Your assignment: Skipping the images, transcribe each record below as it is.

Stored data:
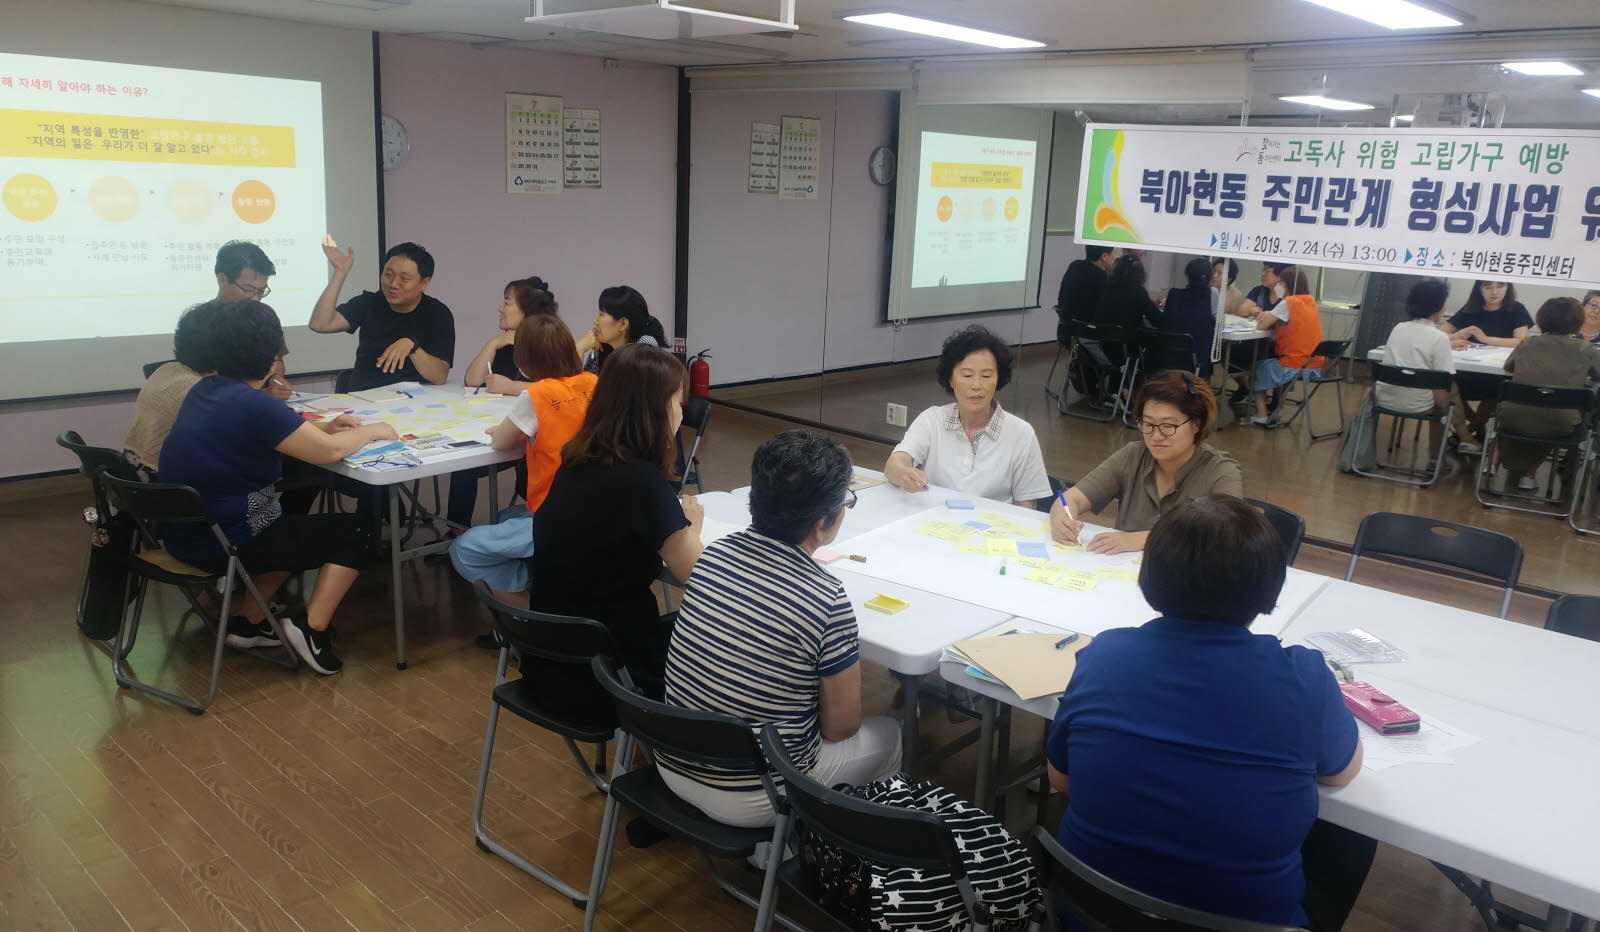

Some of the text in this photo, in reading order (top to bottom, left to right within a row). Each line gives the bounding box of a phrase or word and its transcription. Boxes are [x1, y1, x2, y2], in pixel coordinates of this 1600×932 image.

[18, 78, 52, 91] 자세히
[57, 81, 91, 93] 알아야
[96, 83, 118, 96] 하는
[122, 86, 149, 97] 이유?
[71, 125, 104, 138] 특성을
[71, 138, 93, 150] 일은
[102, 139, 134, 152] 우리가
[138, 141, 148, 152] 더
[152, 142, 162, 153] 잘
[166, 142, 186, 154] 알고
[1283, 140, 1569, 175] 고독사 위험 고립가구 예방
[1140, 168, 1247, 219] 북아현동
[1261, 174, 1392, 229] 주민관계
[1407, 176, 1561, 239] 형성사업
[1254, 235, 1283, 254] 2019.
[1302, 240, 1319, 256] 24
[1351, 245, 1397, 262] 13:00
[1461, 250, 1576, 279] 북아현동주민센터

Answer space:
Some of the text in this photo, in reading order (top to bottom, left to right within a row). Each line gives the bounding box of a phrase or word and its transcription. Boxes are [x1, y1, x2, y2], in pixel coordinates of this 1600×932 image.

[18, 78, 52, 91] 자세히
[57, 81, 91, 93] 알아야
[96, 83, 118, 96] 하는
[122, 86, 149, 97] 이유?
[71, 125, 104, 138] 특성을
[71, 138, 93, 150] 일은
[102, 139, 134, 152] 우리가
[138, 141, 148, 152] 더
[152, 142, 162, 153] 잘
[166, 142, 186, 154] 알고
[1283, 140, 1569, 175] 고독사 위험 고립가구 예방
[1140, 168, 1247, 219] 북아현동
[1261, 174, 1392, 229] 주민관계
[1407, 176, 1561, 239] 형성사업
[1254, 235, 1283, 254] 2019.
[1302, 240, 1319, 256] 24
[1351, 245, 1397, 262] 13:00
[1461, 250, 1576, 279] 북아현동주민센터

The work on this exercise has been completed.